Analysis of the complete genome sequence of Cryptosporidium parvum, published in the March 26 Science, reveals why this parasite has proven so notoriously difficult to treat effectively - it lacks many of the proteins targeted by current antiparasitic drugs.

C. parvum is a water- and food-borne pathogen causing acute gastrointestinal disease in healthy people, but it can cause a life-threatening chronic severe diarrhea in those who are malnourished or immunocompromised. "Despite intensive efforts over the past 20 years, there is currently no effective therapy for treating or preventing C. parvum infection in humans," said lead author Mitch Abrahamsen, of the University of Minnesota College of Medicine.

Unlike many parasitic diseases, cryptosporidiosis is not just limited to the developing world - it is a global problem. In 1993, a major outbreak in Milwaukee infected more than 400,000 people, including about half of Milwaukee's residents with AIDS, nearly 70% of whom died within 6 months.

The ability of cryptosporidiosis to cause such massive outbreaks and its resistance to standard water treatment regimens have caused concern over the potential use of C. parvum as an agent of bioterrorism, and the US Centers for Disease Control now lists it as a category B pathogen, together with Escherichia coli and Salmonella.
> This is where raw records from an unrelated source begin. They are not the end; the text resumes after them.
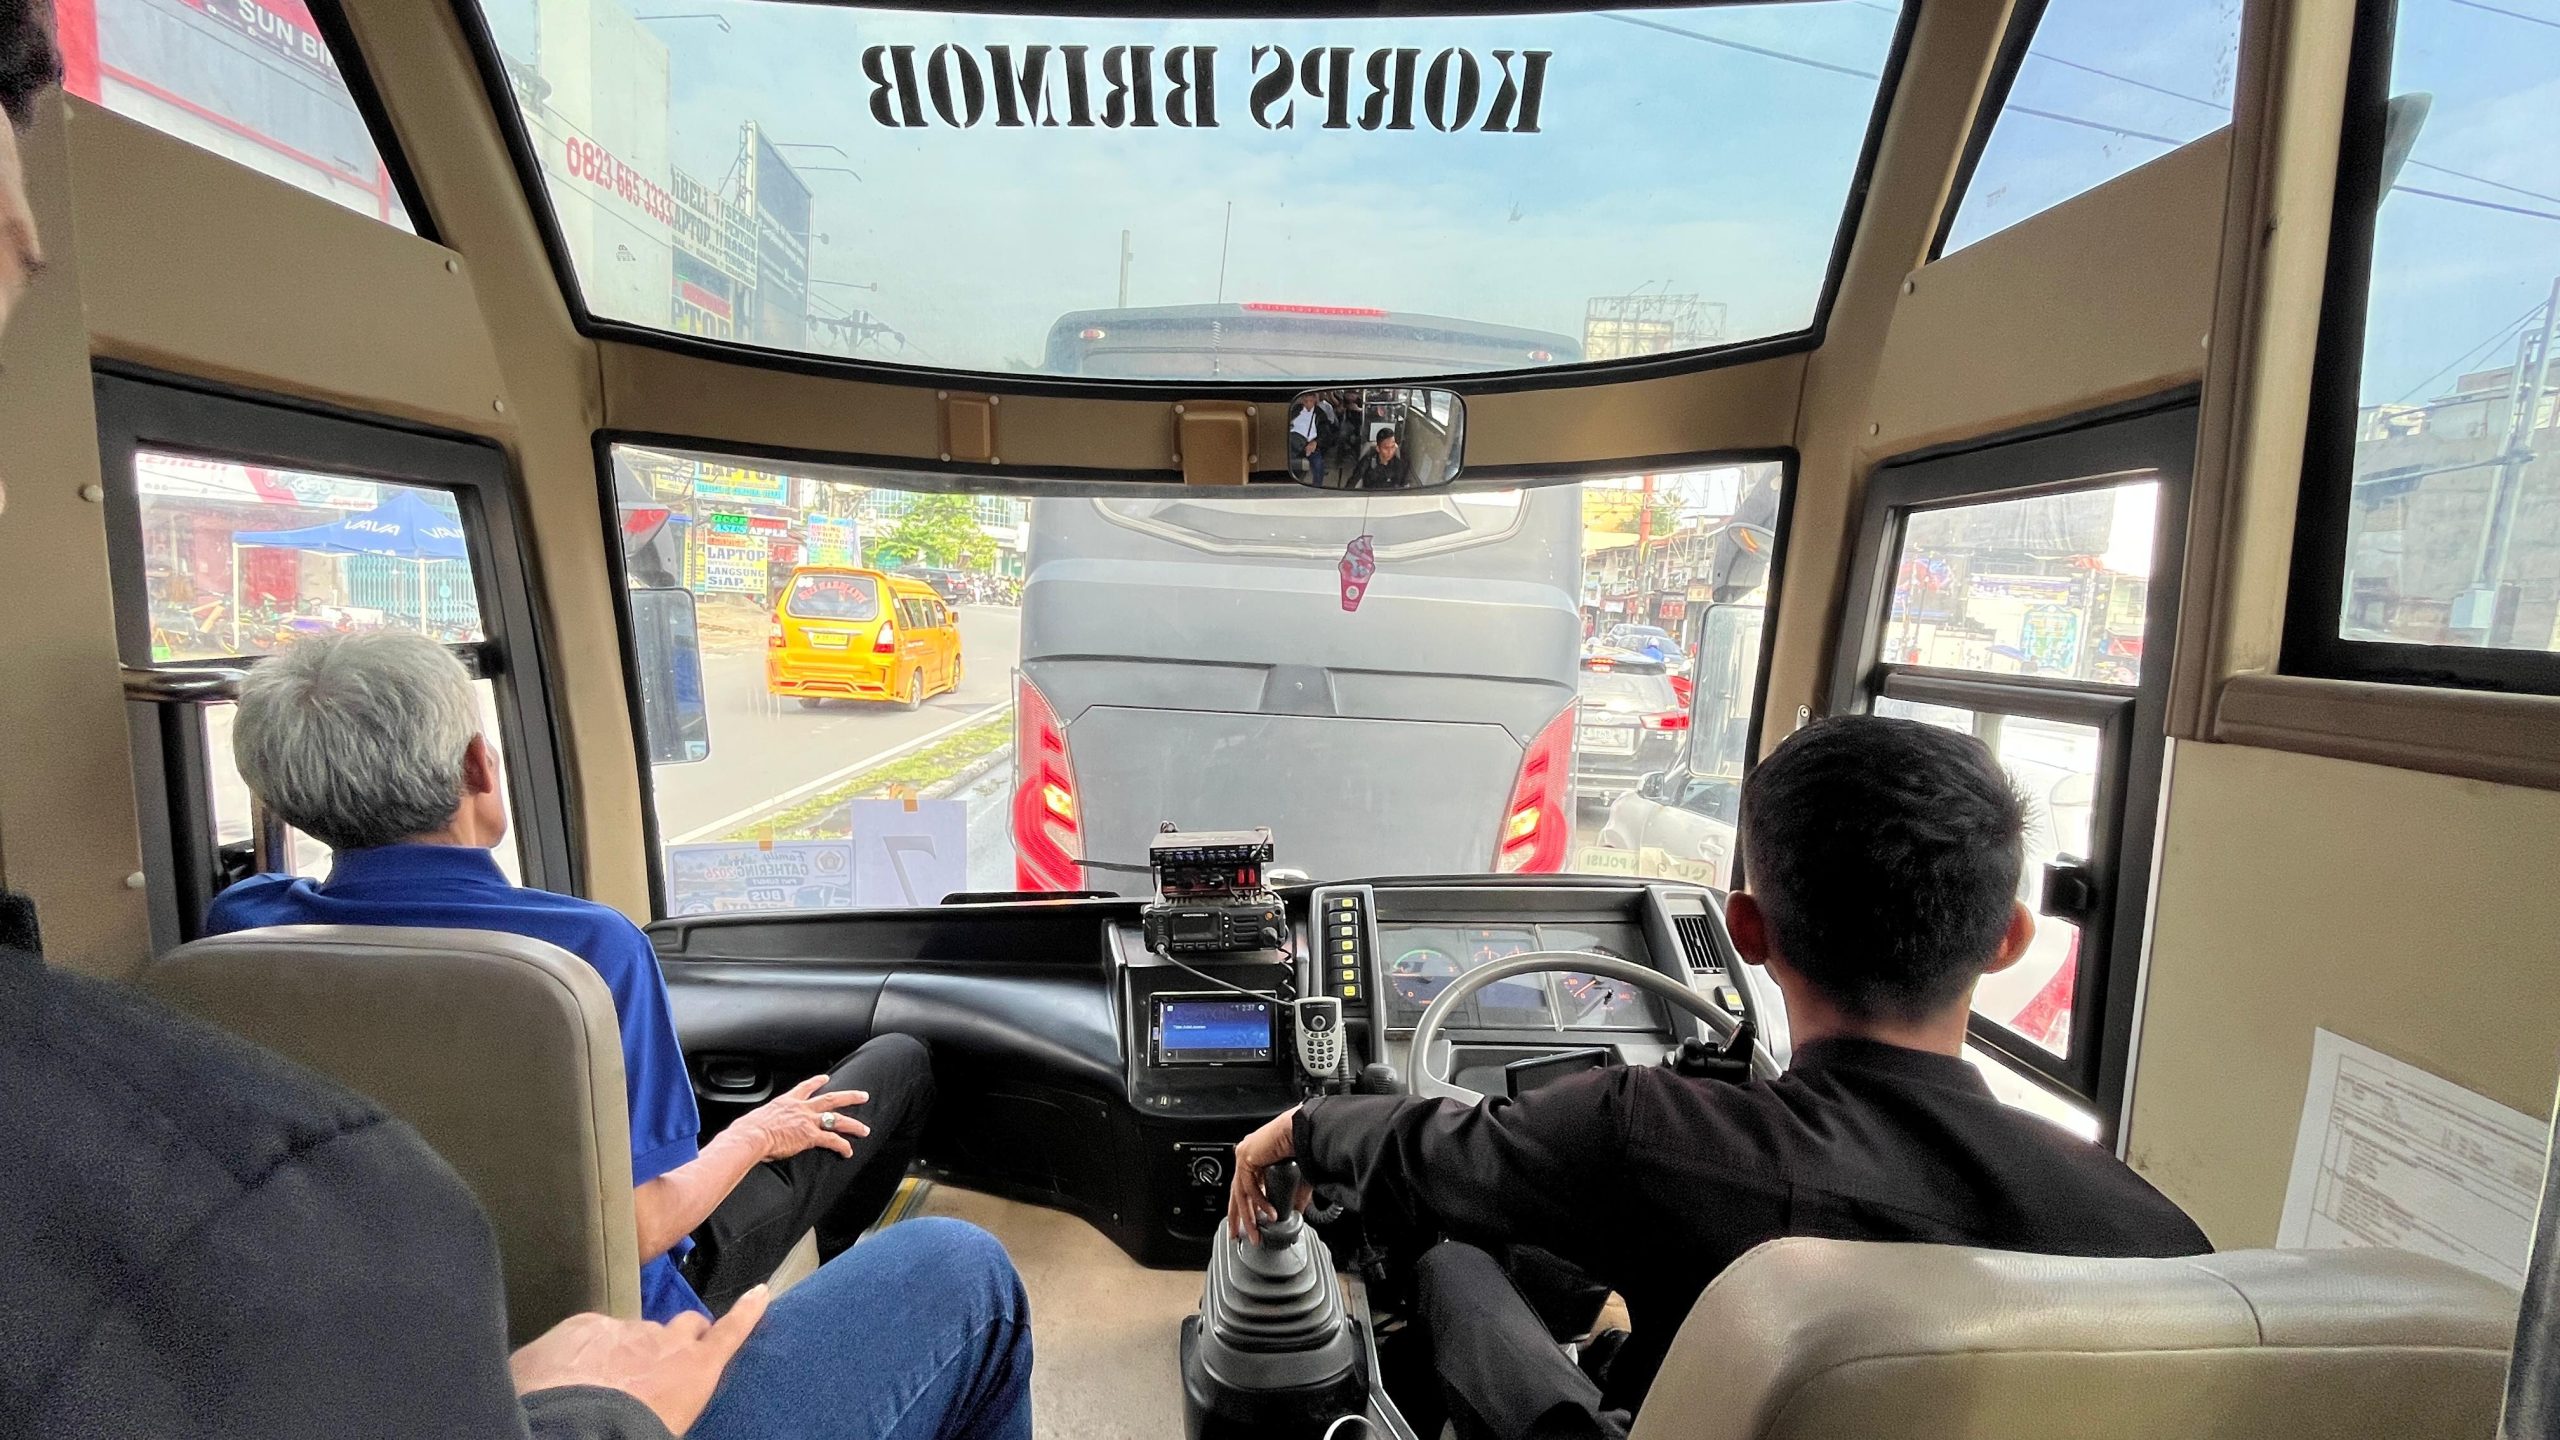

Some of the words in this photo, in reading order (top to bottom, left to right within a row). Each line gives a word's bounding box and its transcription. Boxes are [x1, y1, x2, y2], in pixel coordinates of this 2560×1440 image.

[238, 0, 293, 45] SUN
[566, 136, 612, 190] 0823
[616, 159, 641, 207] 665
[643, 178, 674, 226] 3333
[672, 298, 731, 337] PTOP
[707, 547, 765, 562] LAPTOP
[707, 566, 765, 577] LANGSUNG
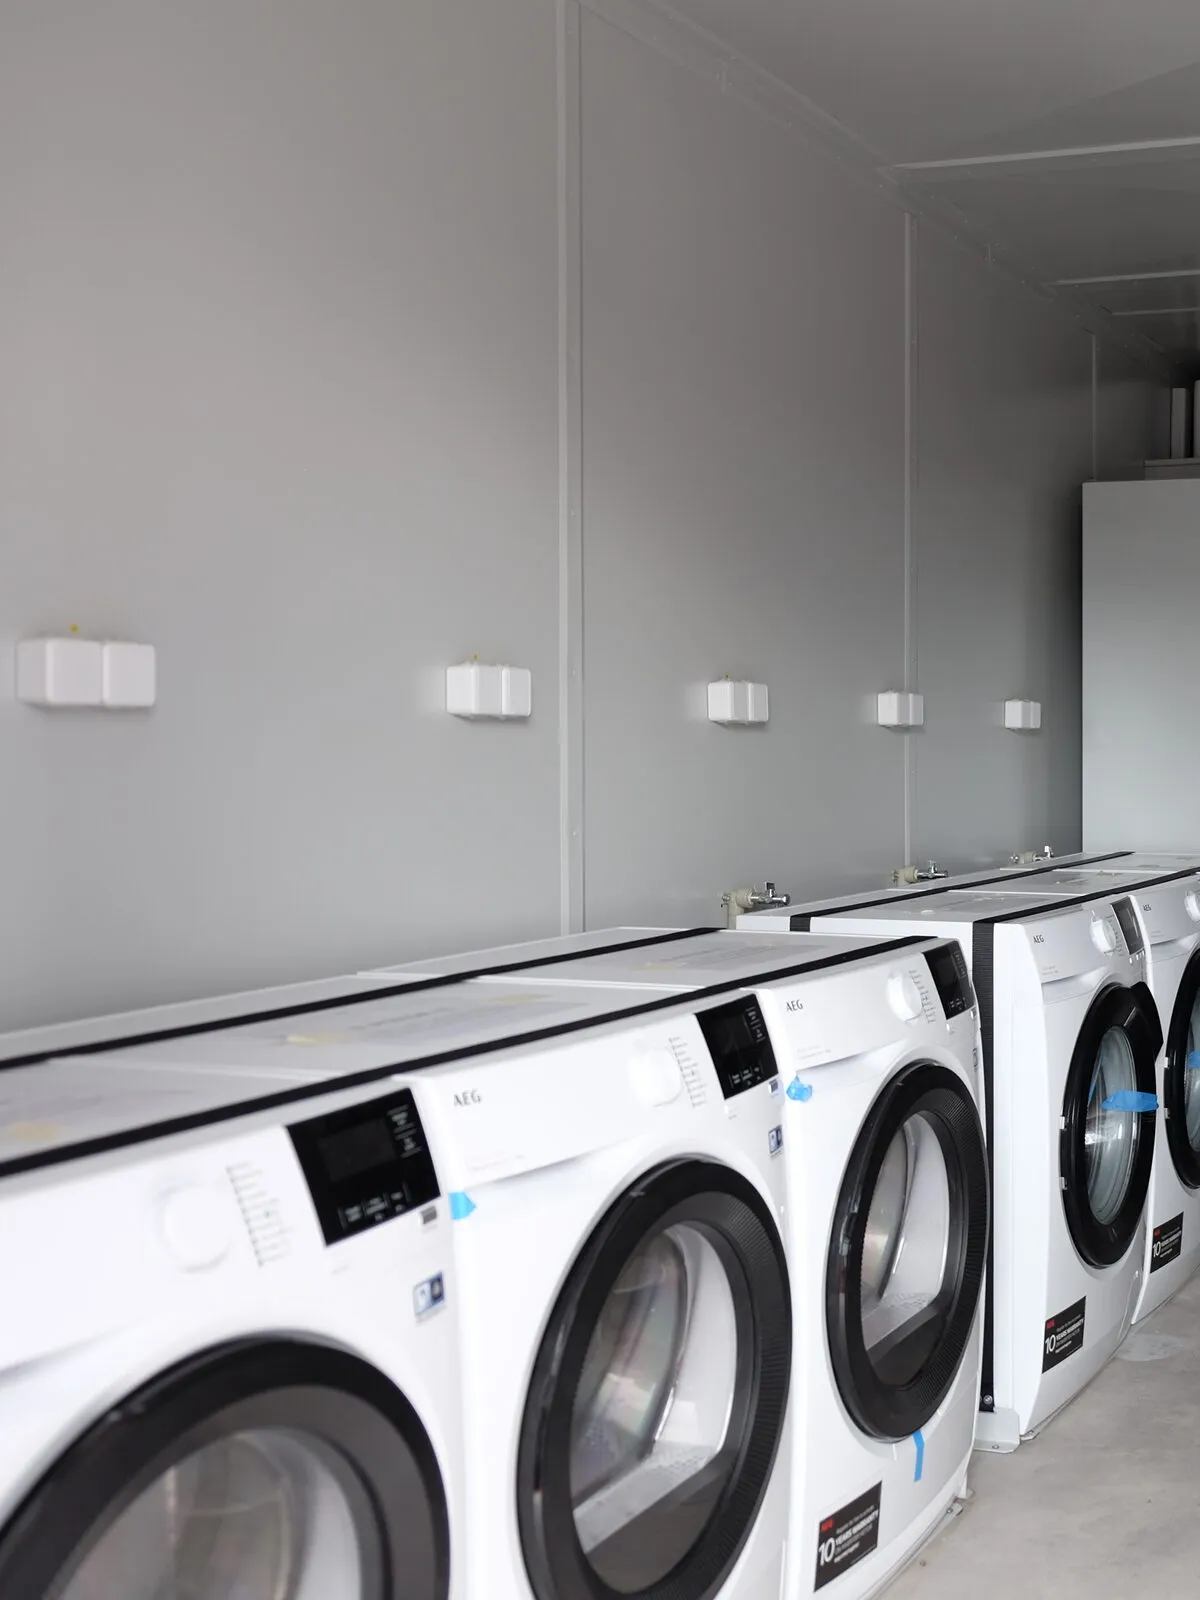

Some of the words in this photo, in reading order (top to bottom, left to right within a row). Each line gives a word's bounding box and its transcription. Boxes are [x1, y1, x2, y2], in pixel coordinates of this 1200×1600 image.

[1033, 934, 1044, 943] AEG
[786, 999, 803, 1012] AEG
[454, 1088, 481, 1107] AEG
[1153, 1241, 1161, 1258] 10
[1045, 1334, 1056, 1354] 10
[835, 1529, 852, 1545] YEARS
[818, 1537, 835, 1566] 10
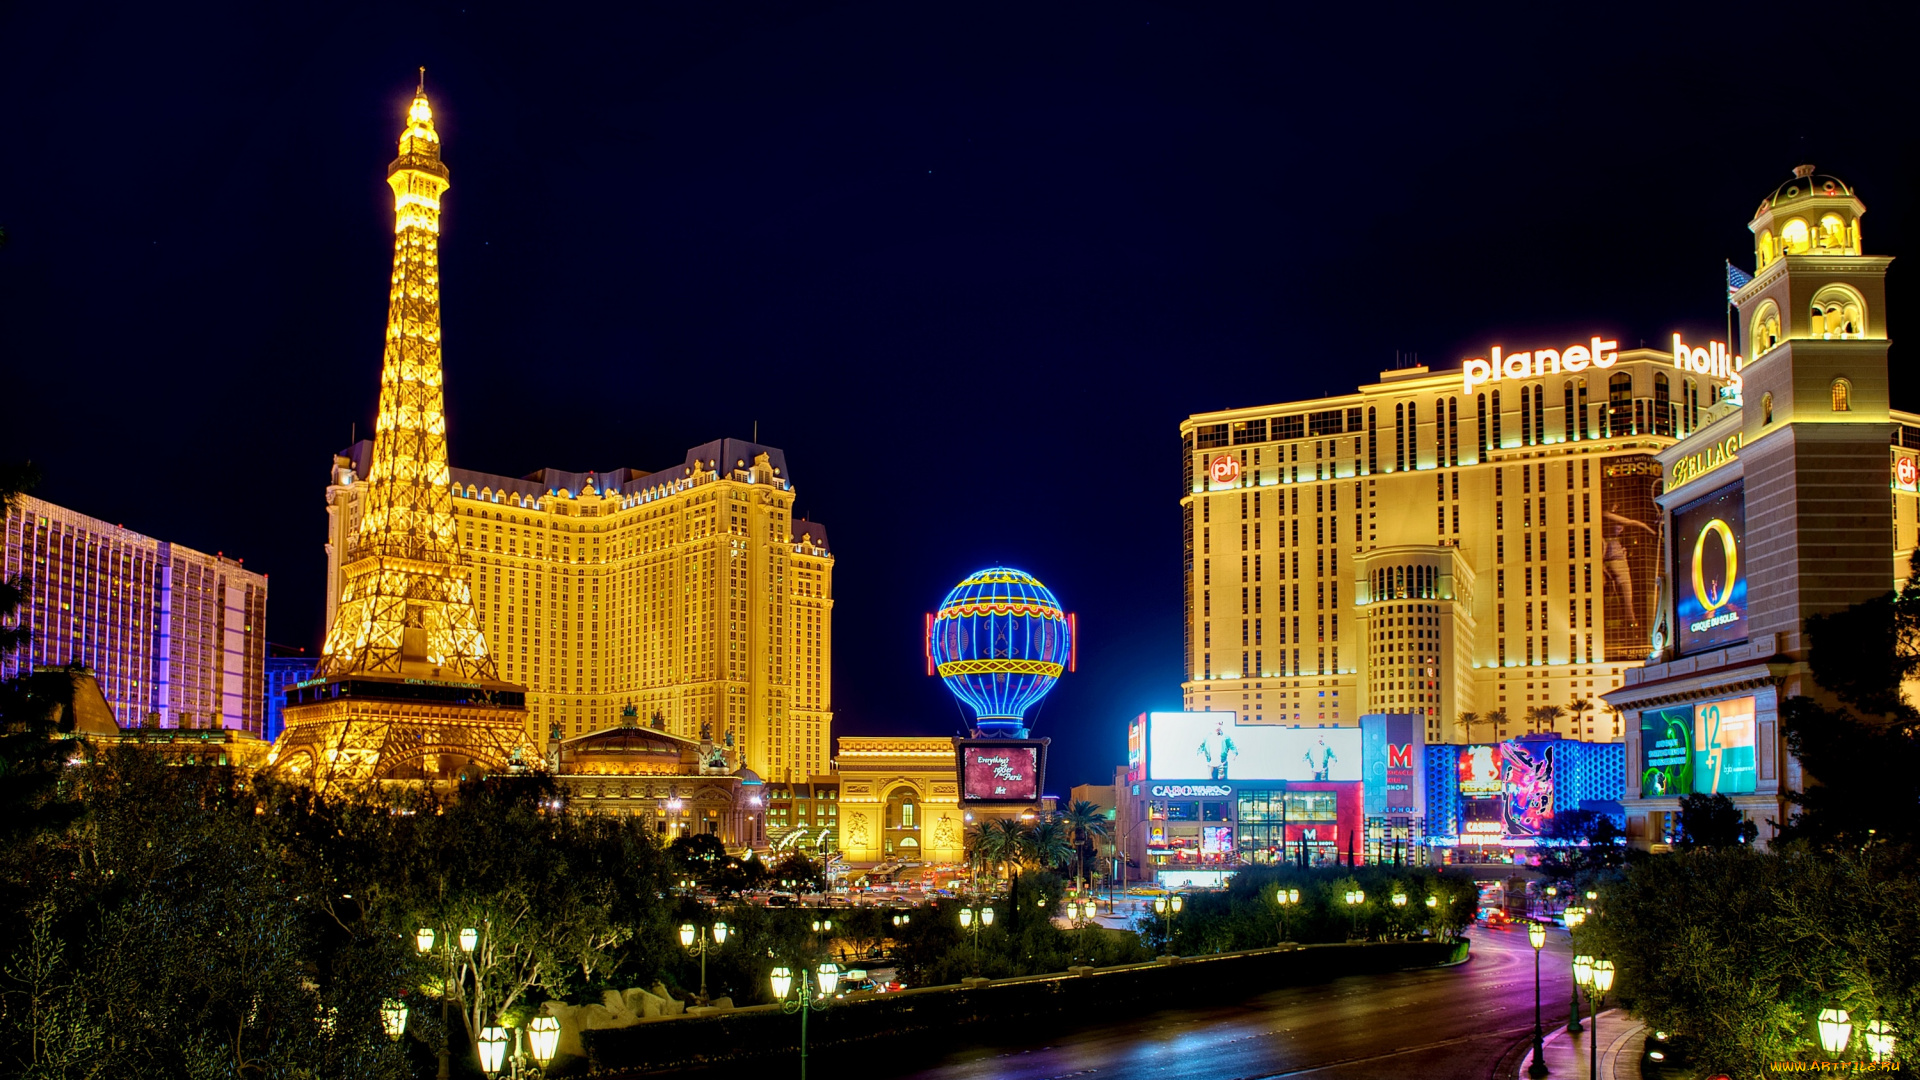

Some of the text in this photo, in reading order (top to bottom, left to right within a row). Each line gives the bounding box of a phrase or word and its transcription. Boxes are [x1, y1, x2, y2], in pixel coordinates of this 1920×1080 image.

[1463, 336, 1618, 394] planet
[1214, 456, 1239, 480] ph
[1691, 612, 1739, 632] CIRQUE DU SOLEIL
[1701, 705, 1722, 751] 12
[1387, 744, 1413, 768] M
[1151, 785, 1193, 798] CABO
[1304, 829, 1316, 840] M
[1466, 822, 1501, 833] CASINO
The genome provides the basis for understanding the mechanisms by which the organism causes disease and what causes the differences in virulence and host specificity displayed by different isolates. Abrahamsen hopes that it will point the way to effective drug targets. "This analysis has identified several biochemical pathways with specific enzymes that appear to be more similar to plants and bacteria than the mammalian versions, providing a wide range of new therapeutic targets," he told us.

Now that the entire sequence is available, studies can begin the comparison of molecular drug targets and many aspects of the biology of cryptosporidia with other related species, such as Toxoplasma gondii and the malarial parasite Plasmodium falciparum, said Rima McLeod, a parasitologist at the University of Chicago, who was not involved in the study. "This is very important work," she said.

The most striking difference between Cryptosporidium and its close relatives is the lack of an apicoplast, an organelle specific to this group of parasites that originated from an endocytosed alga. In addition, the C. parvum mitochondrial genome is very much reduced. These differences explain why some drugs that have worked on other apicomplexan parasites fail when it comes to treating cryptosporidial infection, according to Boris Striepen, of the University of Georgia's Center for Tropical and Emerging Diseases.

"In retrospect, if you look at the targets that are usually hit in these apicomplexan parasites, either the target enzyme is plainly not there in Cryptosporidium or it is highly divergent," said Striepen, who was not involved in the study. For example, several antibiotics that are commonly used to treat toxoplasmosis target the apicoplast.

To Striepen, the most important finding from the genome sequence is how streamlined its metabolism is. "Biosynthesis is reduced to practically nothing... They completely depend on salvage for most of the molecules they use," he said. This should make them vulnerable to drugs that destroy the parasites' scavenging systems, and Striepen is currently working to disable the enzymes that import nucleotides into the organism.

"Now we have a new list of targets to test. We are no longer blindfolded - our efforts can be much more directed and can focus on metabolically appropriate targets," Striepen said.